I'm going to add my 2cents here as well... I used a 50/50 blend of Micas & More OMH with NG Warm Vanilla & Sugar Type, and to me this smelled more like what I would expect from an OMH soap. This blend soaped very well, of course it has discoloration, but no ricing, definitely no acceleration, it was the most fun I'd had soaping in a while.


----------



## IrishLass (Feb 21, 2020)

I also make my own OMH blend. I started making it myself some years back because all of the ones I'd ever tried up until that time (except for Oregon Trails version) smelled more like cherry/almond instead of actual oats, milk and honey. 

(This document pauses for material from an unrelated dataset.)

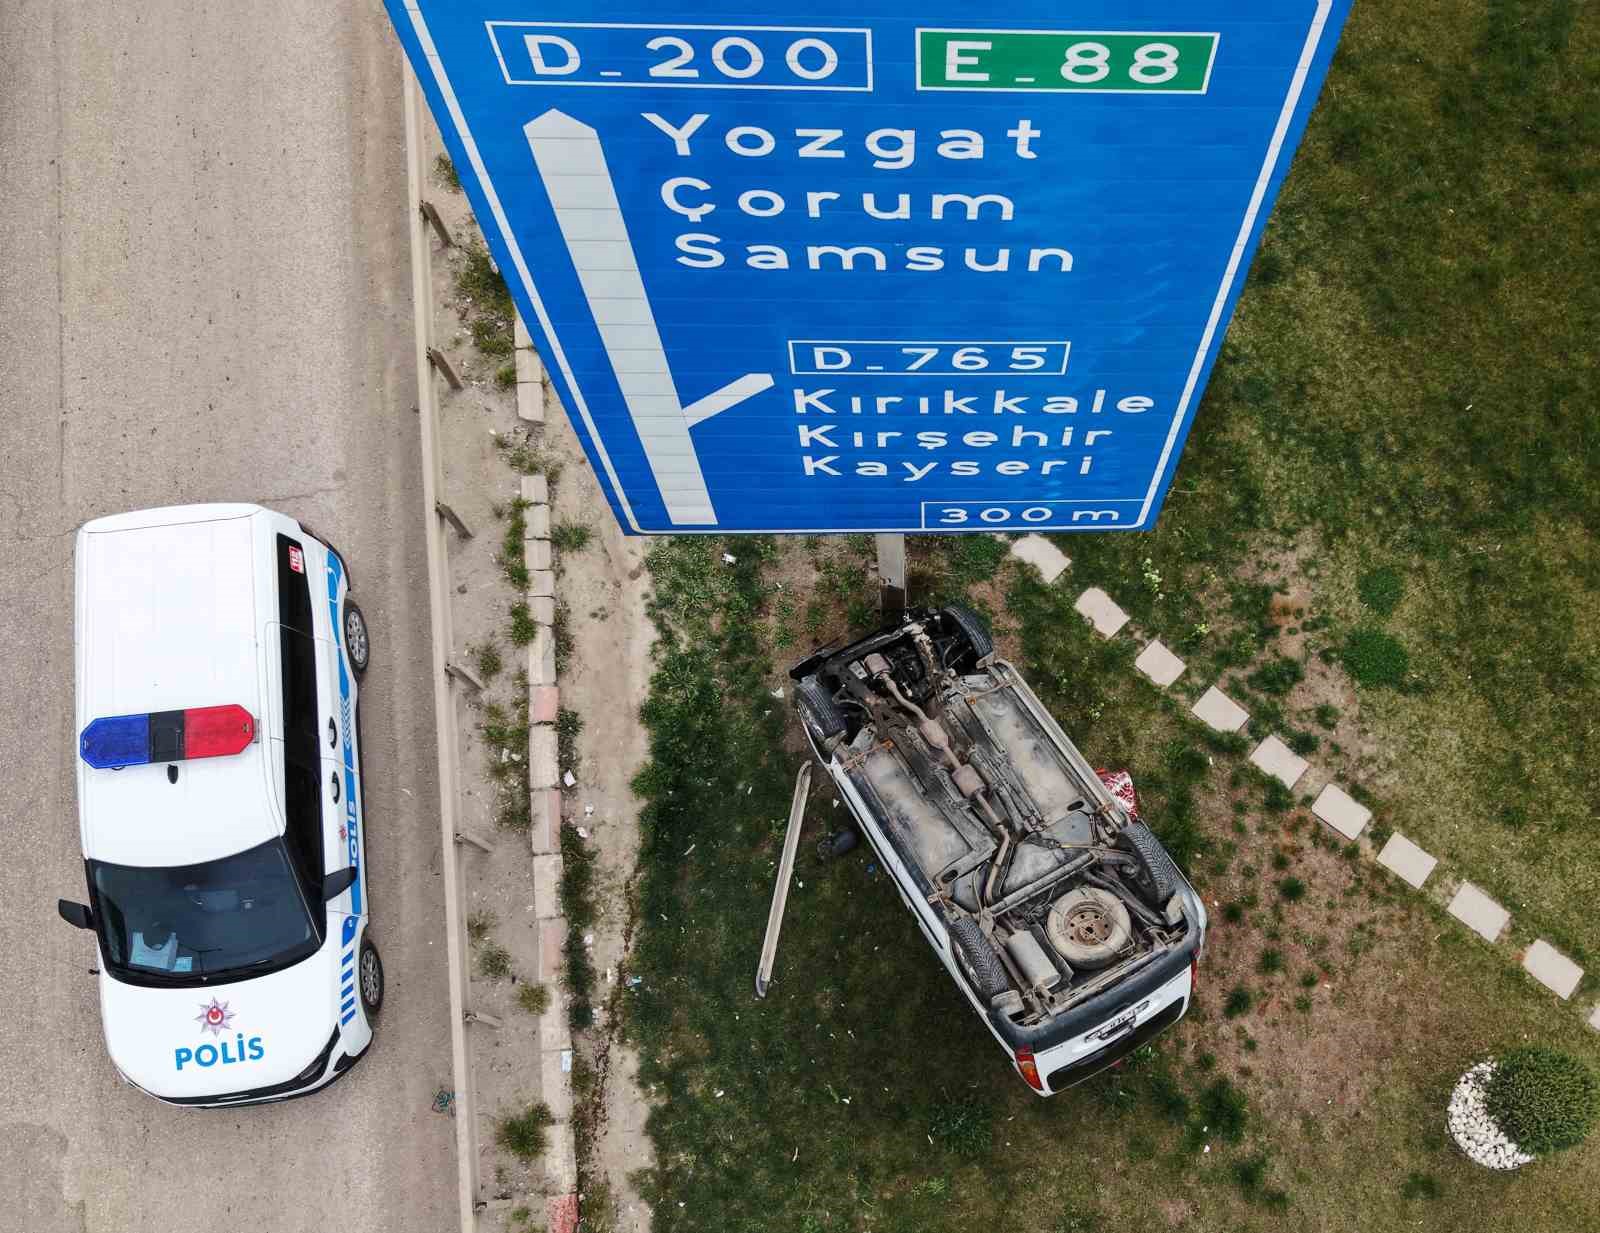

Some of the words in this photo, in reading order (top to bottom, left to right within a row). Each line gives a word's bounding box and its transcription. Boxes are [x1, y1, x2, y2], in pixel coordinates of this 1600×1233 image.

This is what I do: I mix 28.57% Oregon Trails OMH- which has absolutely no almond notes in it at all (yay), but is still not quite perfect to my nose - with 71.43% Daystar's Milk Sugar Kisses. I make up a bottle of it and use it @ .75 oz ppo in my soap. When blended together in those proportions, it smells like an actual, realistic blend of oatmeal, milk and honey in my soap. The scent stays true in my soap without any morphing, and happily, my soap only discolors to a light beige color.


IrishLass


----------



## Millie (Feb 26, 2020)

@IrishLass What is Milk Sugar Kisses like on its own?


----------



## IrishLass (Feb 26, 2020)

Millie said:


> @IrishLass What is Milk Sugar Kisses like on its own?



It smells like yummy, sweetened milk.


IrishLass


----------



## Millie (Feb 26, 2020)

IrishLass said:


> It smells like yummy, sweetened milk.


Yay! Thanks


----------



## Arimara (Feb 26, 2020)

@IrishLass I want to try that so bad.


----------



## Catscankim (Jul 10, 2020)

I kinda like the natural smell of oatmeal milk and honey soap....


----------



## Jersey Girl (Jul 10, 2020)

I’ve tried @IrishLass blend and it smells divine!  The only two others I’ve used are from Nurture and BB. They are nice, but definitely almondy.


----------



## sarahmarah (Jul 10, 2020)

I use Oatmeal n' Honey from Crafters Choice. WSP just had a big sale so I stocked up. Theres no almond notes at all though It may be slightly more oatmeal cookie like than some prefer. It does indeed discolor but the scent is strong and doesn't fade or morph.


----------